しかし連日不倫報道が続いていることもあって、ひとこと言っておくと、コメンテーターの方々や業界の方たちが、妻である女性議員について、“不倫を許してあげるなんてデキた奥さんだ”と褒めていることにはやはり違和感を持ちました。
夫に不倫をされても「大目にみること」が良いことだと、不倫を肯定するかのような風潮がいまだに日本に少なからず残っているのだということに。
さて、この宮崎議員が取得を宣言していた、育児休暇。そもそも育児とは、自然に夫婦で助け合いながら行っていくべきもので、制度があるからやるというものではないはずです。
しかし、それは理想論。制度がなくては救われない人たちがいるわけです。
日本社会は、子育てをしている母親に対する理解に欠けるところがあります。
実際、私がかつて転職の面接を受けたときにも、「家庭と仕事の両立ができると思わないでくださいね」と上司になるであろう女性に言われたことがありました。もちろん採用の話はお断りしましたが、何かしらのルールがなければ、パワハラ的に会社側のやりたい放題になってしまう現実があります。
それは女性だけでなく、男性についても言えることです。
日本社会には、「家庭に参加するような男は弱い」「家庭を顧みずに働くことが美徳」といった古い価値観が存在します。
ちなみに海外には、こうした意識はありません。家族での時間を大切にしていますし、プライベートと仕事をしっかりと分けることが評価される社会なんです。
しかし日本においても、最近の若い人たちのなかには、家庭に積極的に参加したいという意識を持っている人たちも増えてきています。
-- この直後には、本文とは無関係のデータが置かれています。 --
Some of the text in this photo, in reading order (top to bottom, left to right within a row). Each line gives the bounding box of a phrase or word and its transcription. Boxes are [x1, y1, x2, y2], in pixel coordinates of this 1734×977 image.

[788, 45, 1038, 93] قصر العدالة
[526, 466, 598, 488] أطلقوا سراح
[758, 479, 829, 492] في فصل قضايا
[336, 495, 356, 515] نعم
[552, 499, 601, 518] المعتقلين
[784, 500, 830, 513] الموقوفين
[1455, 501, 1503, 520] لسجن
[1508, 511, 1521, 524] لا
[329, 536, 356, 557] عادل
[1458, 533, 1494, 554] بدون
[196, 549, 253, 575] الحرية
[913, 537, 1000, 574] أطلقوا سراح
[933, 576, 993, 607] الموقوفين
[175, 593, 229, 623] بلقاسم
そこで、制度が必要になるわけです。制度から入らなければ、古い価値観を持つ上司からの悪影響を断ち切ることができないこともあるんです。会社組織ではどうしても上下関係があるからね。
育児休暇制度を作ったとしても、果たしてそれを使える社会なのか
ただ、いくら制度があるといっても、実際に育休制度を実践できているのは、自ら「育休取得」を掲げている政府関係の役人や、人員が豊富でコンプライアンス遵守に敏感な一部の大企業くらいだと思いますよ。
世の大半の企業、あるいは、古い価値観を持った上司は、男性が家庭に参加することに対して本当の理解があるかどうか疑問です。
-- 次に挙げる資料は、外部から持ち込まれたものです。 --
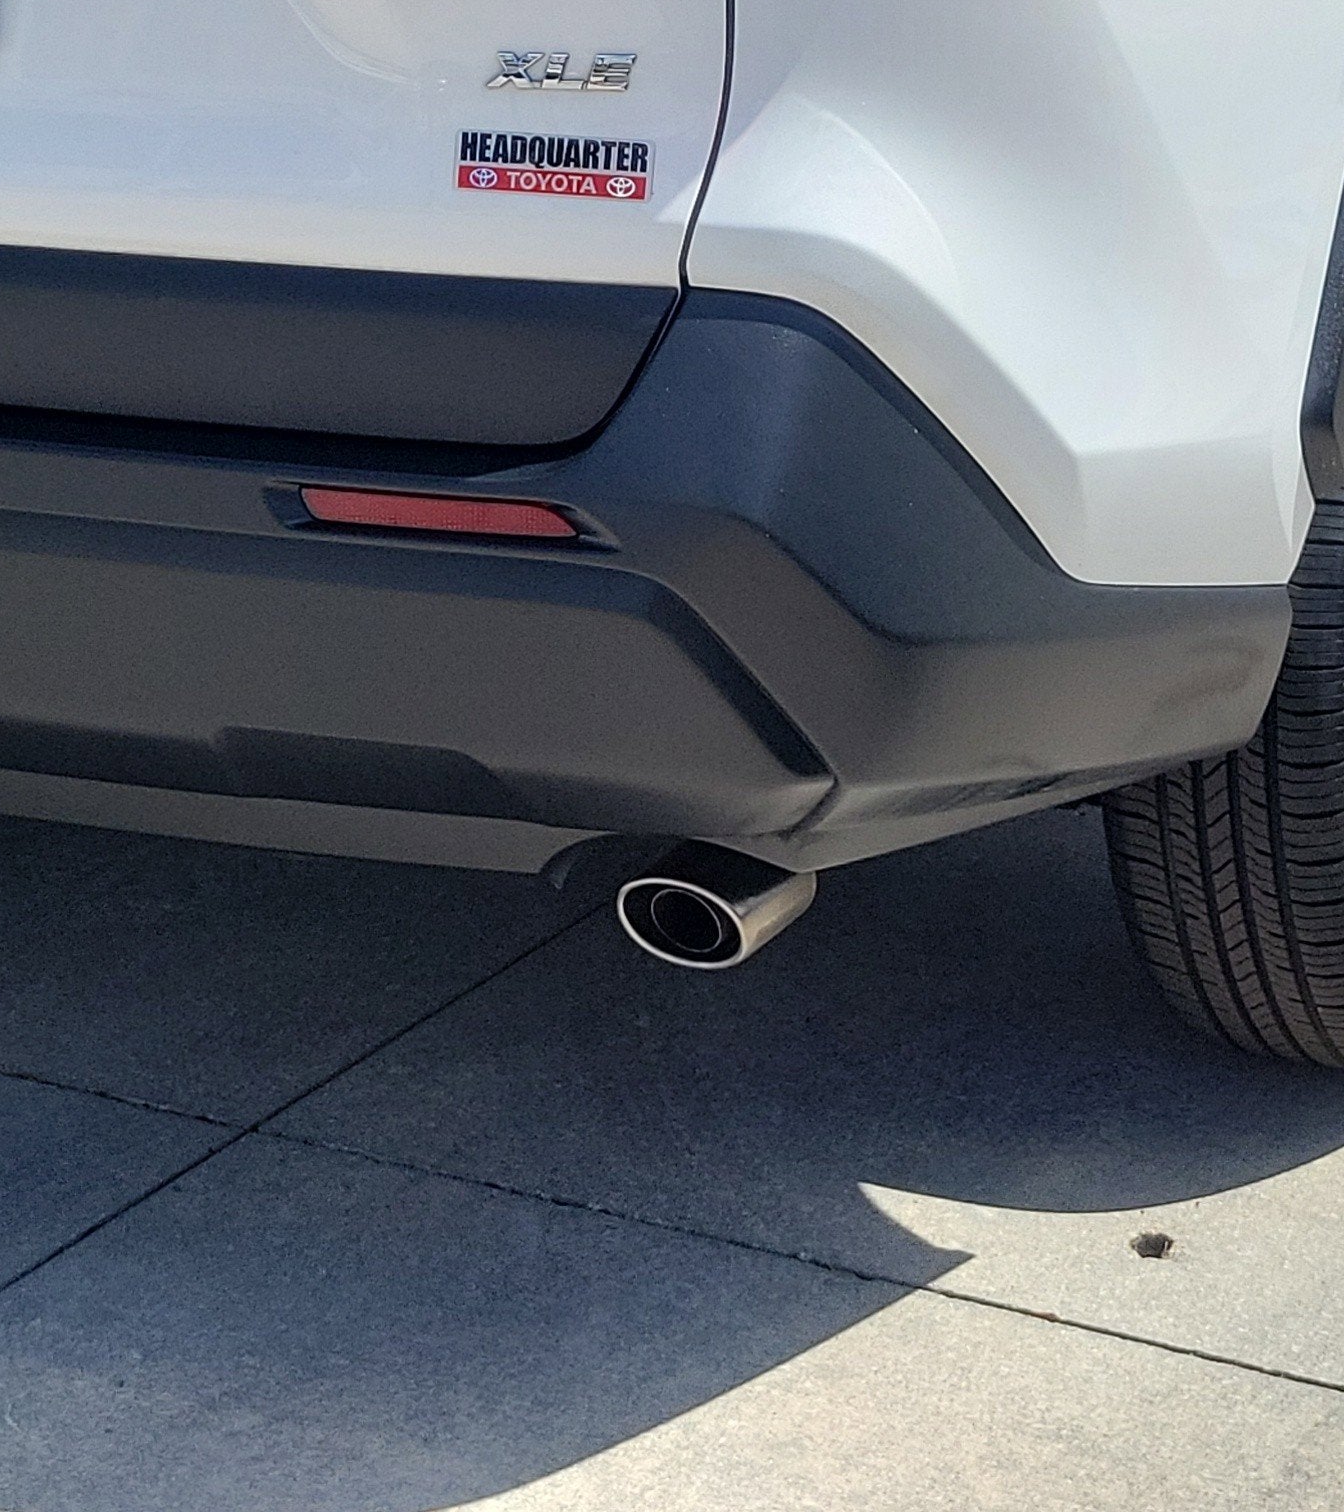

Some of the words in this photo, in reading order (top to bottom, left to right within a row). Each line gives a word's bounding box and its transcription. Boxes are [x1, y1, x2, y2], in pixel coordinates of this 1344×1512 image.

[486, 50, 638, 91] XLE
[460, 131, 648, 173] HEADQUARTER
[506, 172, 597, 194] TOYOTA
こういった現状を見る限り、社会がそれをうまく活用していけるとは残念ながら思えません。
育児休暇制度の必要性とその限界について述べてきましたが、私の場合、夫には育休を取ってもらわなくていいと思っています(笑い)。
人には向き不向きということがありますから、家事は私に任せて、それよりもどんどん外に出て稼ぎ、しっかりと収入源を確保して安心させて欲しいですね。